> **Task item**
Print each entry in full, word for word, with no pictures in the result.

> **Available data**
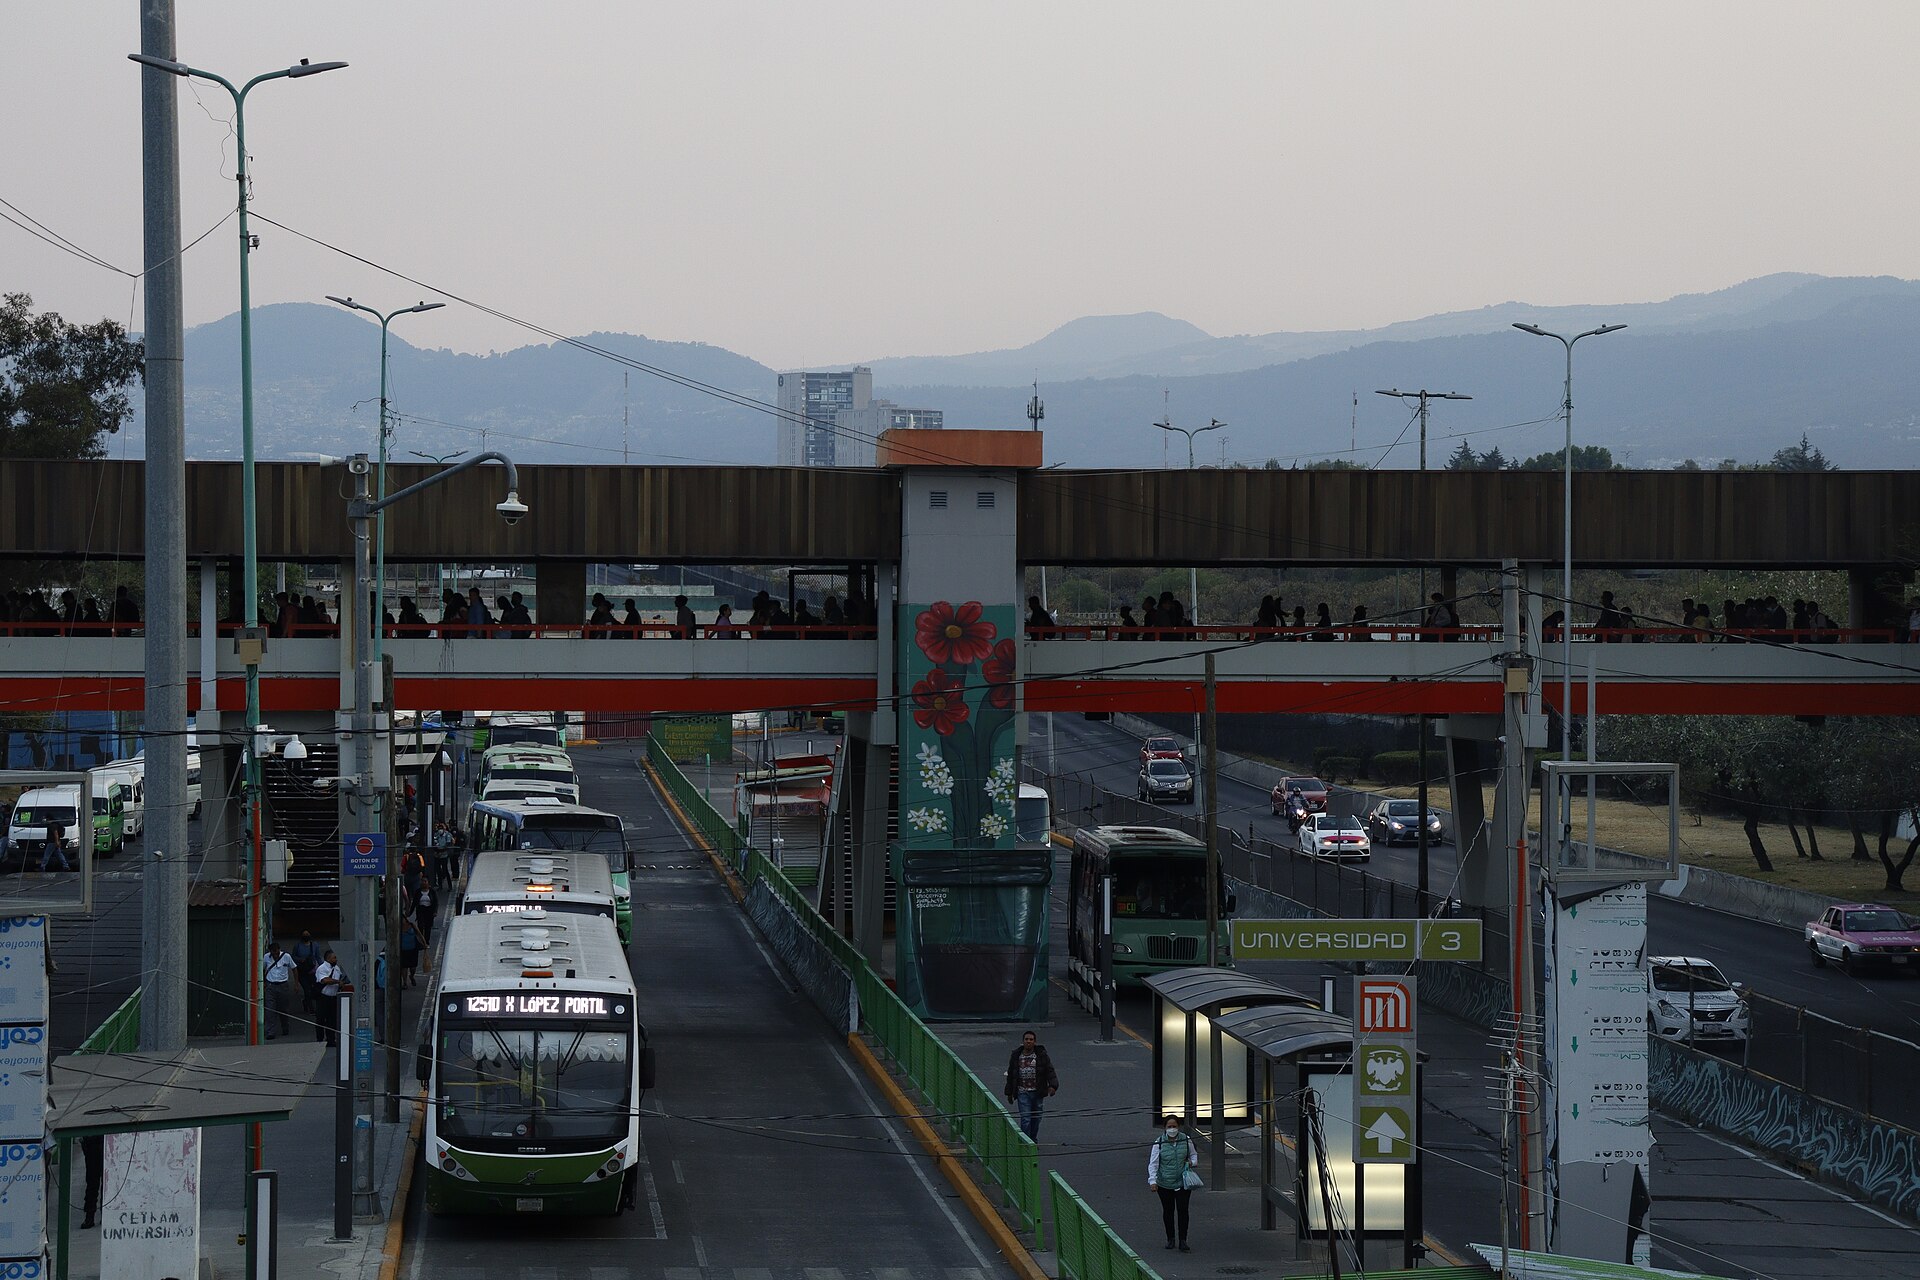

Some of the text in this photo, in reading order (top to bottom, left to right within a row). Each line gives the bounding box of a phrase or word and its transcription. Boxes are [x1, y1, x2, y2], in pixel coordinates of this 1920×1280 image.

[1240, 931, 1461, 951] UNIVERSIDAD 3
[505, 995, 515, 1012] X
[564, 996, 608, 1015] PORTIL
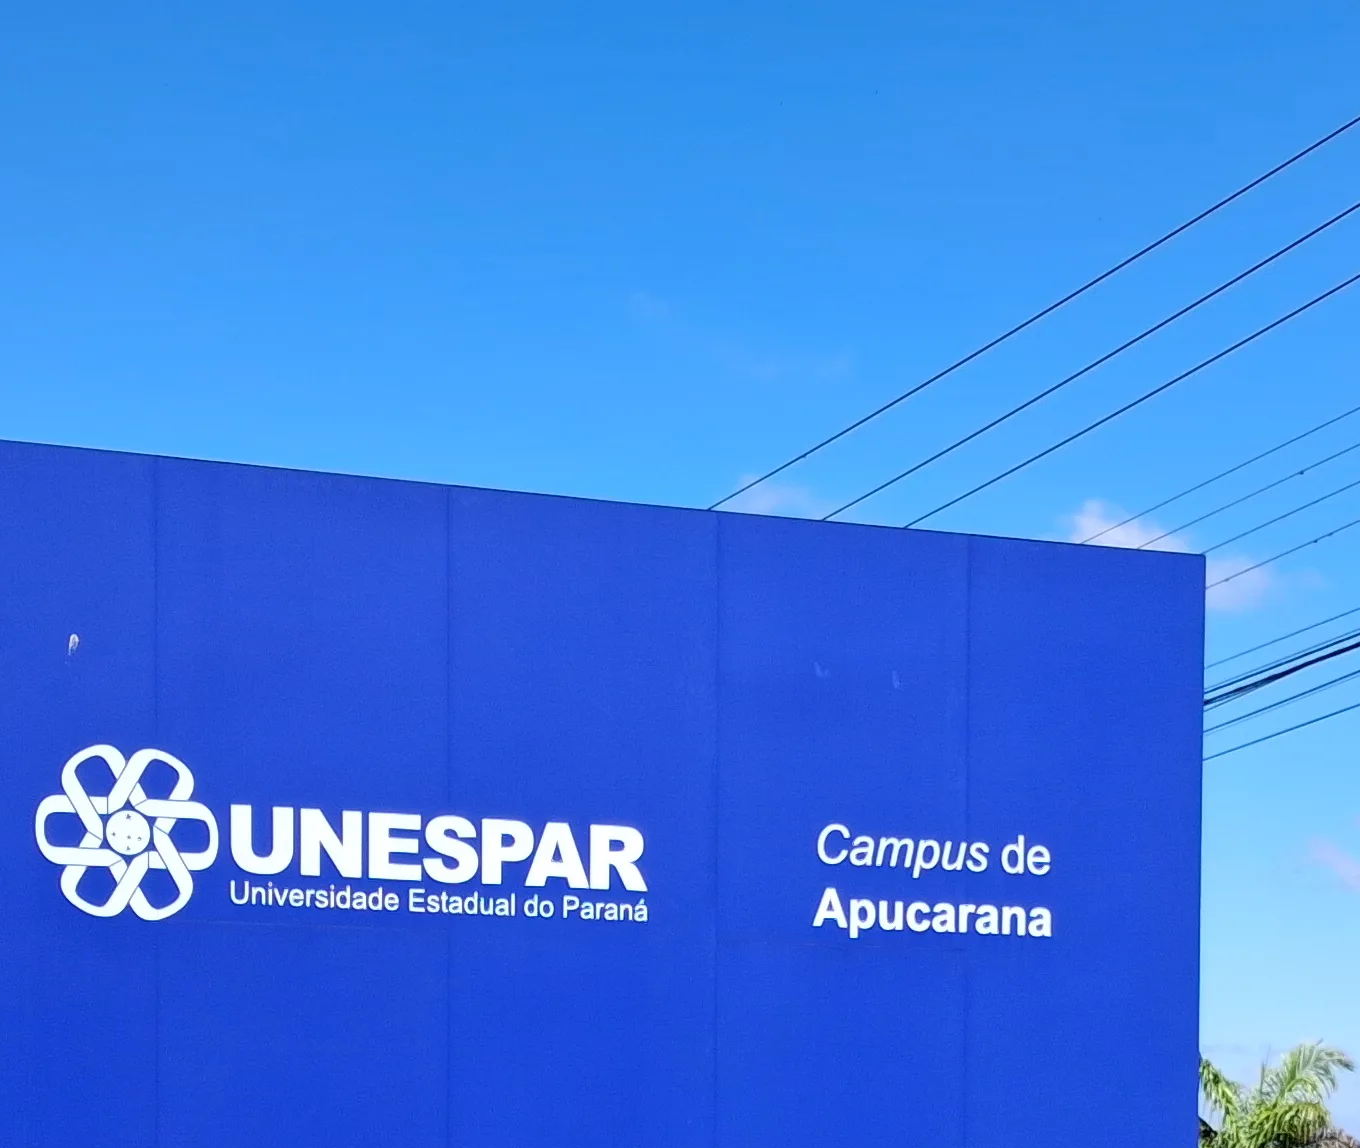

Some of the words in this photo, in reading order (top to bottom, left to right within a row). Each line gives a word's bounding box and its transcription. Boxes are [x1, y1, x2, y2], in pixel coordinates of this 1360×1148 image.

[230, 803, 648, 892] UNESPAR
[817, 823, 990, 878] Campus
[1001, 834, 1051, 876] de
[230, 879, 400, 912] Universidade
[408, 888, 517, 918] Estadual
[523, 894, 555, 919] do
[562, 894, 648, 923] Paraná
[812, 887, 1052, 938] Apucarana
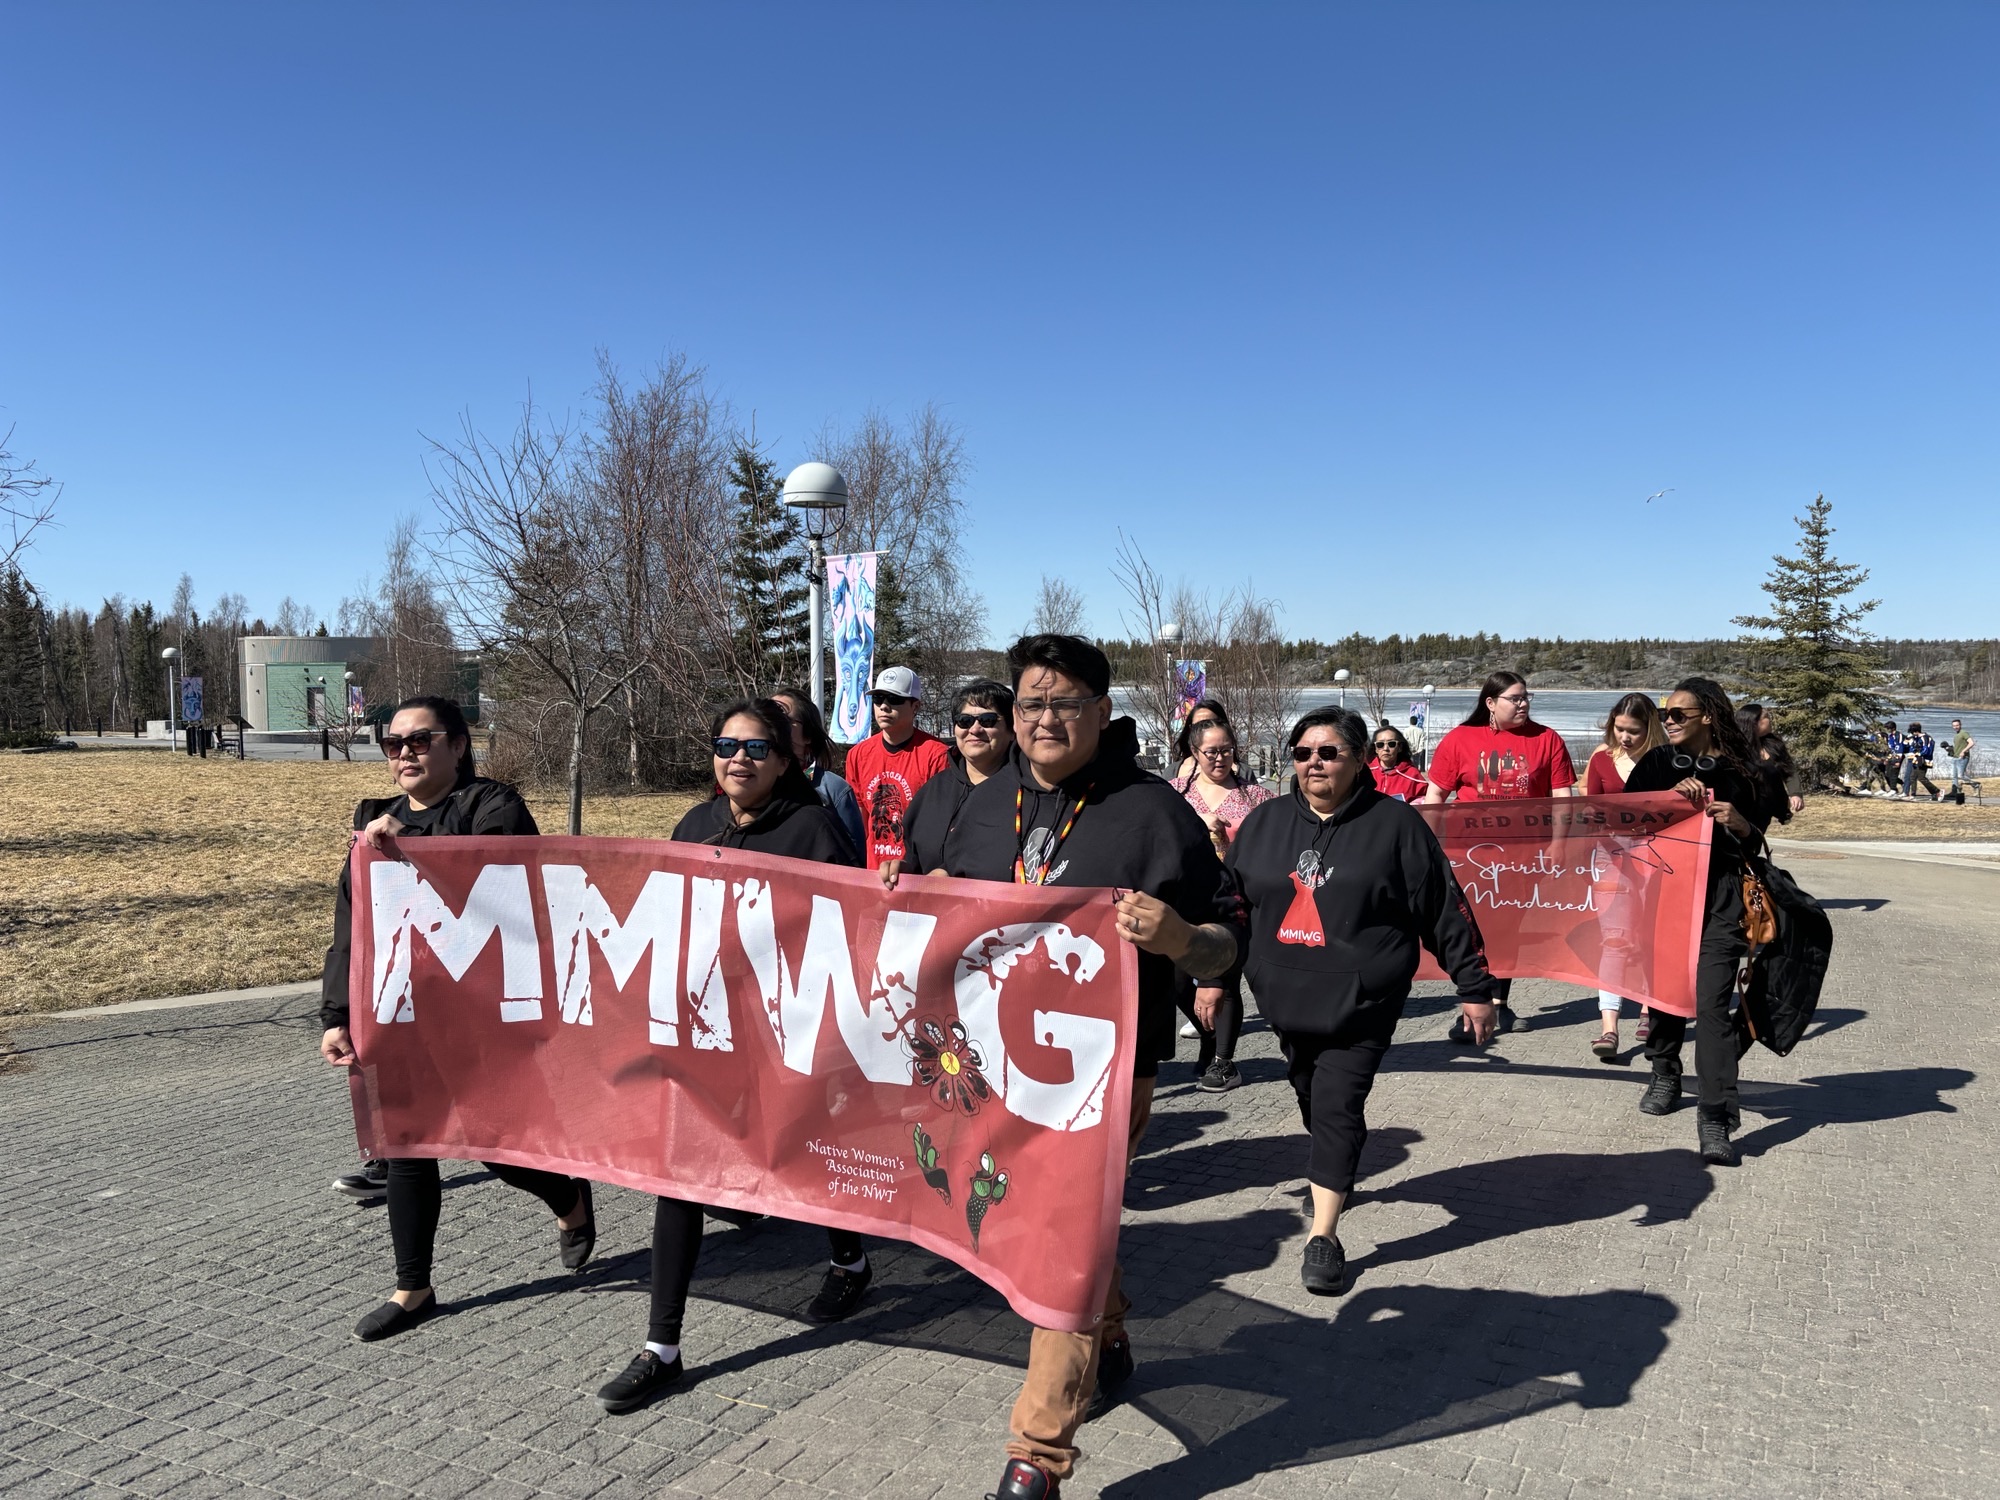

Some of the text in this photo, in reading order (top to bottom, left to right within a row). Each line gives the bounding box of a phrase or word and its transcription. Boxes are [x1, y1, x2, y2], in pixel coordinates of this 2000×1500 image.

[868, 774, 881, 791] MORE
[882, 771, 902, 781] STOLEN
[1464, 811, 1675, 829] RED DRESS DAY
[874, 843, 902, 856] MMIWG
[1466, 843, 1606, 894] Spirits of
[1462, 881, 1599, 912] Murdered
[1280, 928, 1321, 942] MMIWG
[370, 861, 1116, 1132] MMIWG
[806, 1139, 905, 1171] Native Women's
[825, 1159, 895, 1184] Association
[828, 1177, 898, 1203] of the NWT

> **Response box**
Some of the text in this photo, in reading order (top to bottom, left to right within a row). Each line gives the bounding box of a phrase or word and its transcription. Boxes are [x1, y1, x2, y2], in pixel coordinates of this 1920×1280 image.

[1240, 931, 1461, 951] UNIVERSIDAD 3
[505, 995, 515, 1012] X
[564, 996, 608, 1015] PORTIL

Some of the words in this photo, in reading order (top to bottom, left to right within a row). Each line gives a word's bounding box and its transcription. Boxes are [x1, y1, x2, y2], in pixel coordinates of this 1360×1148 image.

[230, 803, 648, 892] UNESPAR
[817, 823, 990, 878] Campus
[1001, 834, 1051, 876] de
[230, 879, 400, 912] Universidade
[408, 888, 517, 918] Estadual
[523, 894, 555, 919] do
[562, 894, 648, 923] Paraná
[812, 887, 1052, 938] Apucarana

Some of the text in this photo, in reading order (top to bottom, left to right within a row). Each line gives the bounding box of a phrase or word and its transcription. Boxes are [x1, y1, x2, y2], in pixel coordinates of this 2000×1500 image.

[868, 774, 881, 791] MORE
[882, 771, 902, 781] STOLEN
[1464, 811, 1675, 829] RED DRESS DAY
[874, 843, 902, 856] MMIWG
[1466, 843, 1606, 894] Spirits of
[1462, 881, 1599, 912] Murdered
[1280, 928, 1321, 942] MMIWG
[370, 861, 1116, 1132] MMIWG
[806, 1139, 905, 1171] Native Women's
[825, 1159, 895, 1184] Association
[828, 1177, 898, 1203] of the NWT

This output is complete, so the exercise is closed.